Restate each of the lines below word for word and drop every picture.

RECORD SET
BEGIN

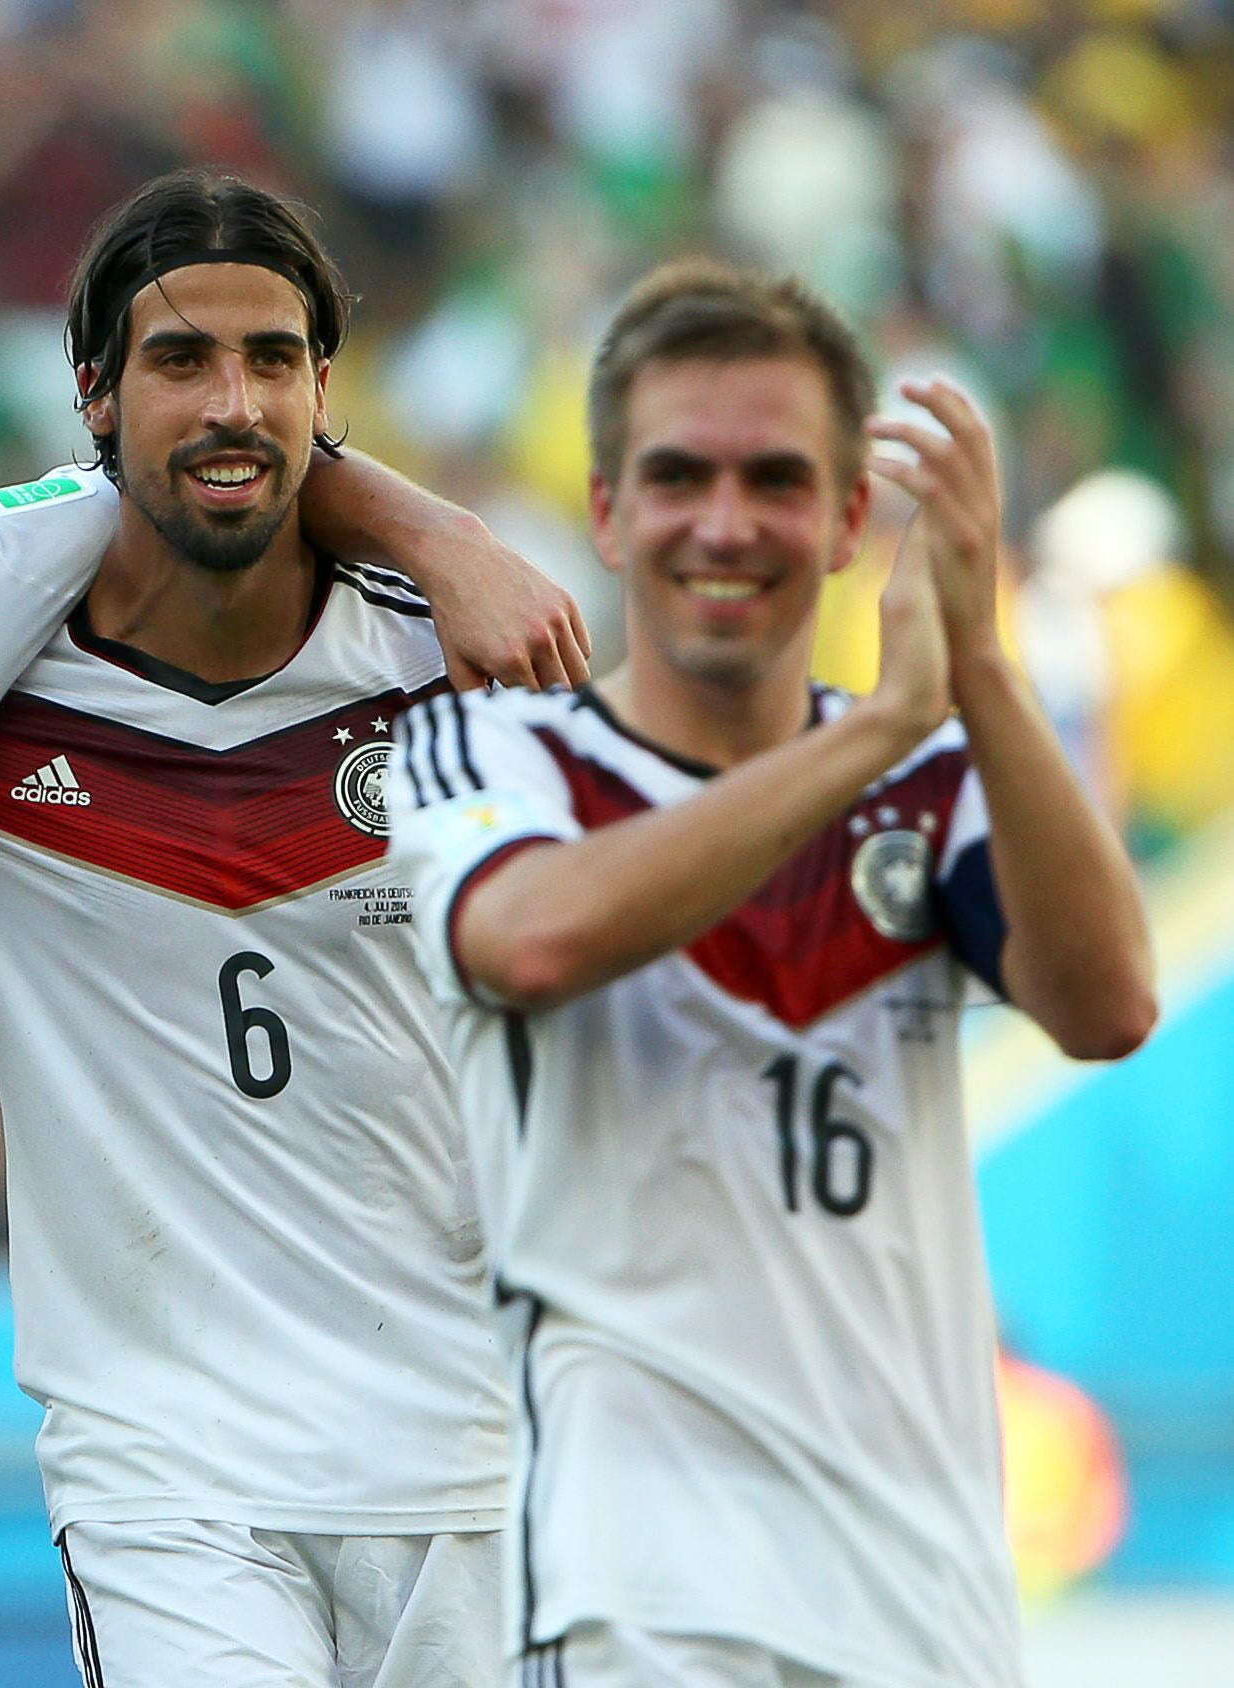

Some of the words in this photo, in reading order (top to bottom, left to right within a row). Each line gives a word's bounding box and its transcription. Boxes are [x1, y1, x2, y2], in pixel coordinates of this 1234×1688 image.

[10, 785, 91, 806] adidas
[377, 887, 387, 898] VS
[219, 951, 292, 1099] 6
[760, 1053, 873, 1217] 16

END

YOUR SOLUTION
Some of the words in this photo, in reading order (top to bottom, left to right within a row). Each line gives a word's bounding box and its transcription. Boxes are [x1, y1, x2, y2], in pixel coordinates of this 1234×1688 image.

[10, 785, 91, 806] adidas
[377, 887, 387, 898] VS
[219, 951, 292, 1099] 6
[760, 1053, 873, 1217] 16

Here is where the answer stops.